→ **Activity**:
With the pictures omitted, print exactly the lines below, from the one containing "Some of the words" through the one containing "this 940×1672 image.", and nothing else.

→ **Records for processing**:
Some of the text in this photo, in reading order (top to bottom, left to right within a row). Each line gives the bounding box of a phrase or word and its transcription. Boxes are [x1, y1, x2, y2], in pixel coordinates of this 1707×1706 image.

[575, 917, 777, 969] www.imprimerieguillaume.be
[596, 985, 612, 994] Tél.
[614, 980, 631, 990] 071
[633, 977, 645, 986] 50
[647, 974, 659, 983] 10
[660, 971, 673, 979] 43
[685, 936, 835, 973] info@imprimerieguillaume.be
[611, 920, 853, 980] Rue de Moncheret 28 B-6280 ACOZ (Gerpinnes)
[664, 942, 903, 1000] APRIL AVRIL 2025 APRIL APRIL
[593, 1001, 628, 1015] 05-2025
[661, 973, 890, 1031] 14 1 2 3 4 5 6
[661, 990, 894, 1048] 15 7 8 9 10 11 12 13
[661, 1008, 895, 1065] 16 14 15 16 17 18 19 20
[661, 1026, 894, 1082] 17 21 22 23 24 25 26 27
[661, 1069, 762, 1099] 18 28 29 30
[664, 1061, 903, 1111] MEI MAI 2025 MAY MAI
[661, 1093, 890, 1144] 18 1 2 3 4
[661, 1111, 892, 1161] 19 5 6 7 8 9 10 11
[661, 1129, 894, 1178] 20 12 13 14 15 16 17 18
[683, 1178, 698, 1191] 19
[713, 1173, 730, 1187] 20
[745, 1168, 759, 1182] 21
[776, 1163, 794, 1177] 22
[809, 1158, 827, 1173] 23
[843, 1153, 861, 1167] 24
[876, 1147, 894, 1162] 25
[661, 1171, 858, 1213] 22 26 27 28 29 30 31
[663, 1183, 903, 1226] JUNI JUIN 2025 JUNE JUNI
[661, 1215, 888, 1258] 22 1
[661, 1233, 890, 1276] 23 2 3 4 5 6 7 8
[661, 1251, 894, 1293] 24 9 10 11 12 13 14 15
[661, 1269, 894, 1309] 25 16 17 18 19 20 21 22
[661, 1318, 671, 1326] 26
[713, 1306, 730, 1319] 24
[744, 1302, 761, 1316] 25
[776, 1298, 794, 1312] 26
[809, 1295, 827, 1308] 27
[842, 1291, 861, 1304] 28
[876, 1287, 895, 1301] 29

* * *

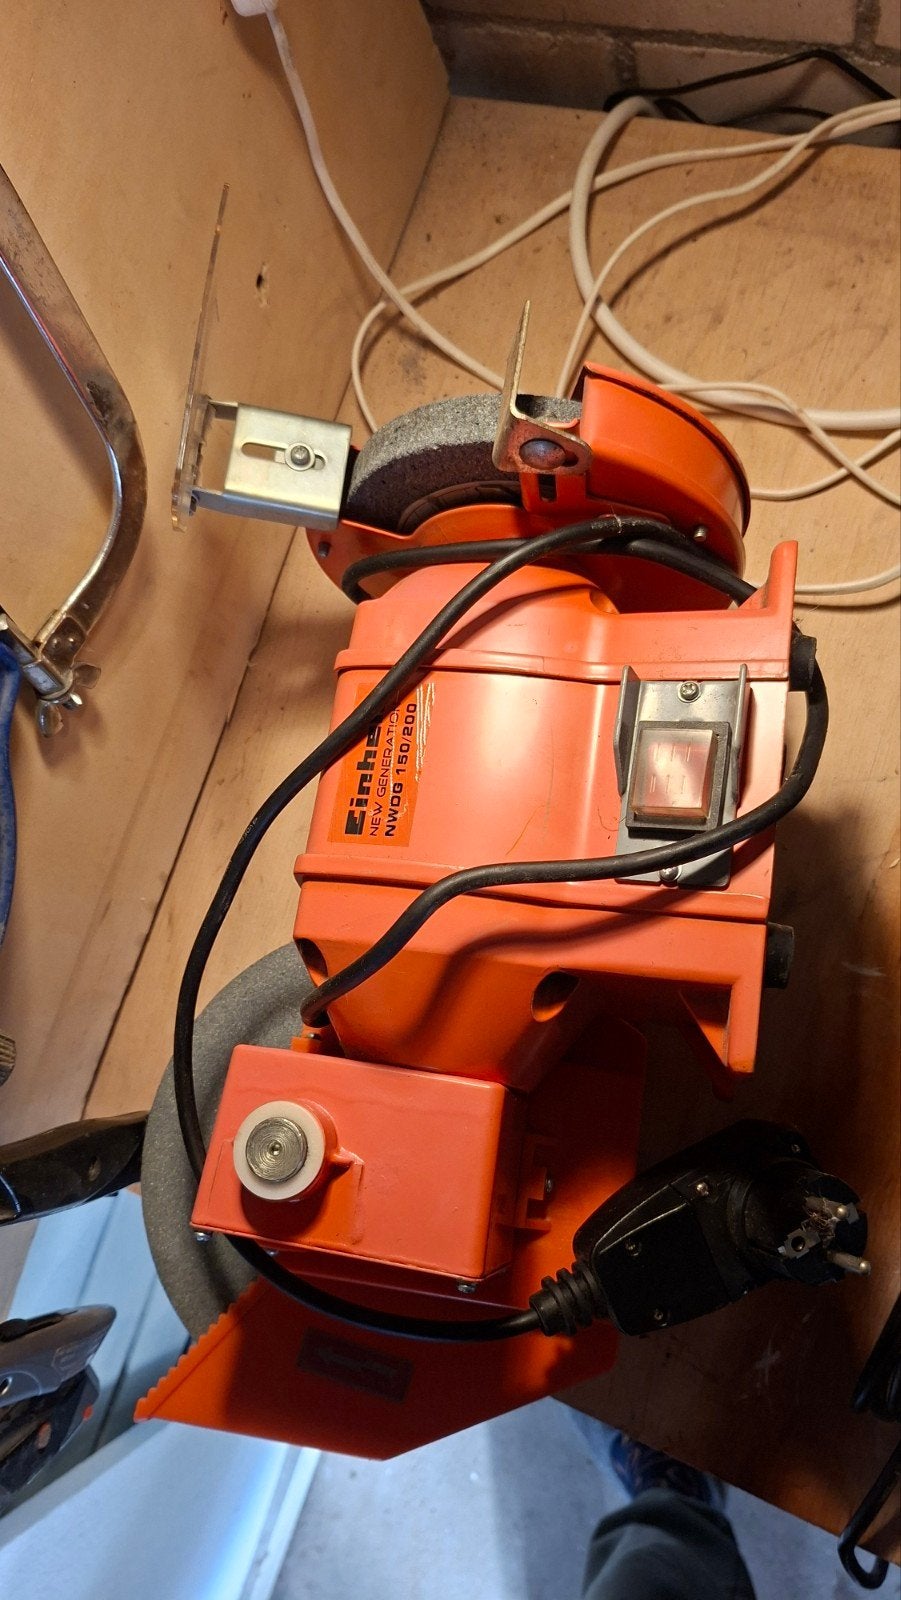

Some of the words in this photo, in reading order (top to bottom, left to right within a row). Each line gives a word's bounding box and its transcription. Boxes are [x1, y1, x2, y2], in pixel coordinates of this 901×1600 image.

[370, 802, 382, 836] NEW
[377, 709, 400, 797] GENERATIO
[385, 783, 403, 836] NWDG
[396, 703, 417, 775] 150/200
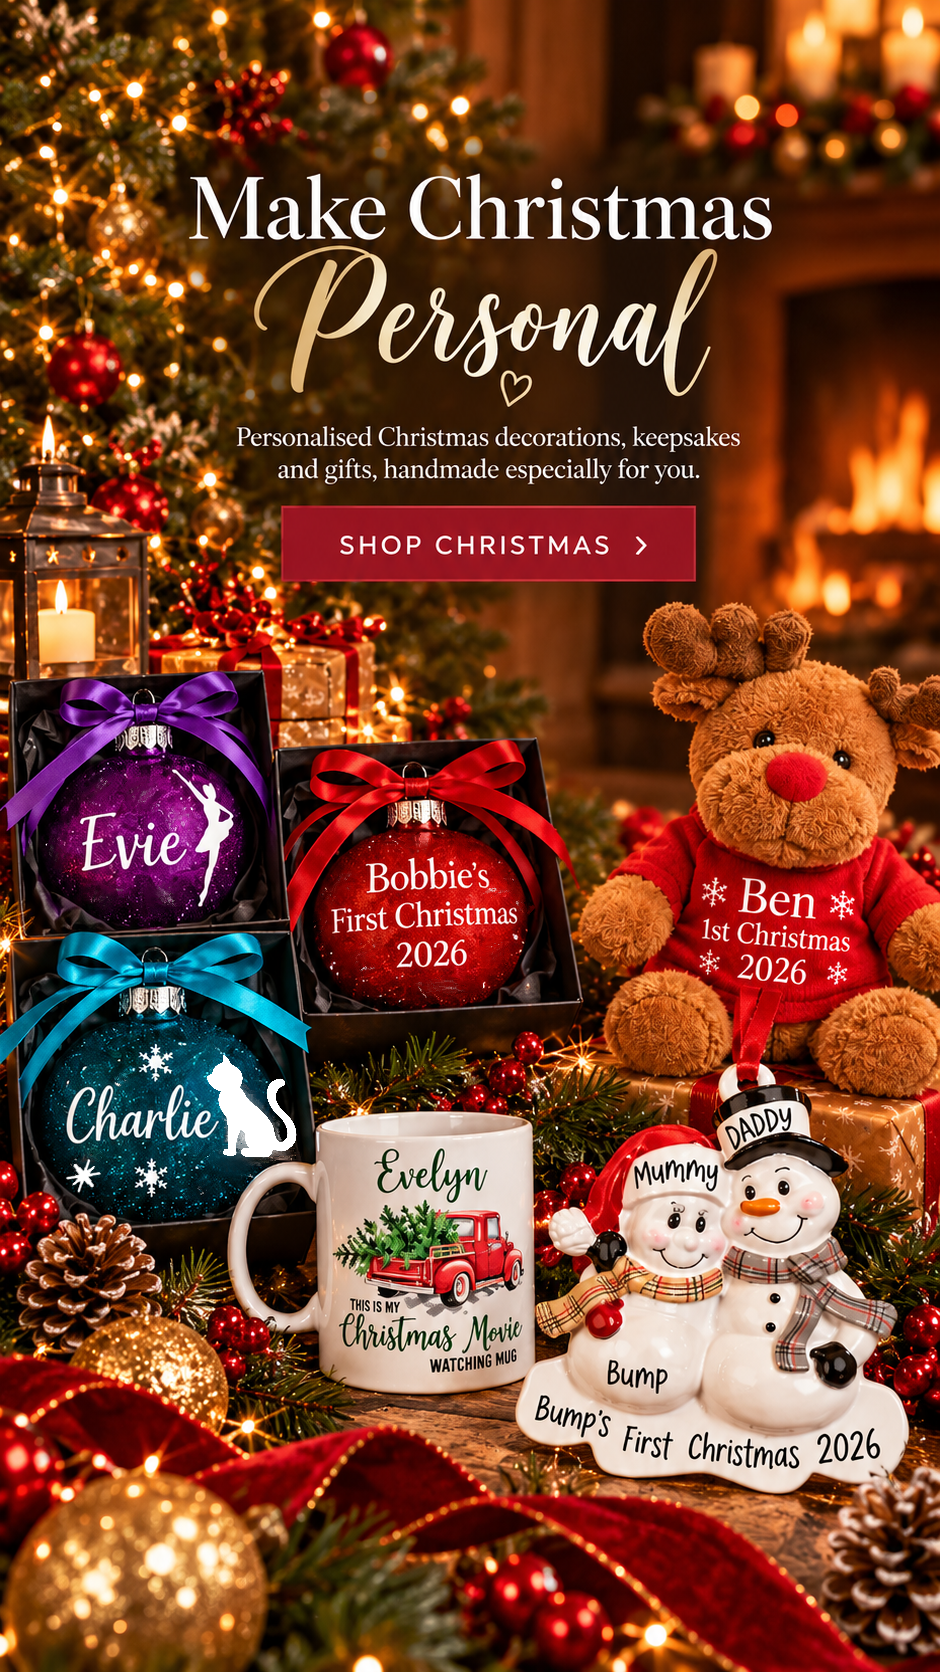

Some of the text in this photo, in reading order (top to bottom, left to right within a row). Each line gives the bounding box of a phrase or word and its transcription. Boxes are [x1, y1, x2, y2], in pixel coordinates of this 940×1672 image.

→ **Answer space**:
Some of the words in this photo, in reading order (top to bottom, left to right within a row). Each line gives a word's bounding box and its transcription. Boxes are [x1, y1, x2, y2], in pixel coordinates of this 901×1600 image.

[370, 802, 382, 836] NEW
[377, 709, 400, 797] GENERATIO
[385, 783, 403, 836] NWDG
[396, 703, 417, 775] 150/200

Some of the text in this photo, in reading order (top to bottom, left to right within a row). Each line gives the bounding box of a phrase or word and its transcription. Boxes are [x1, y1, x2, y2], in pixel coordinates of this 940×1672 image.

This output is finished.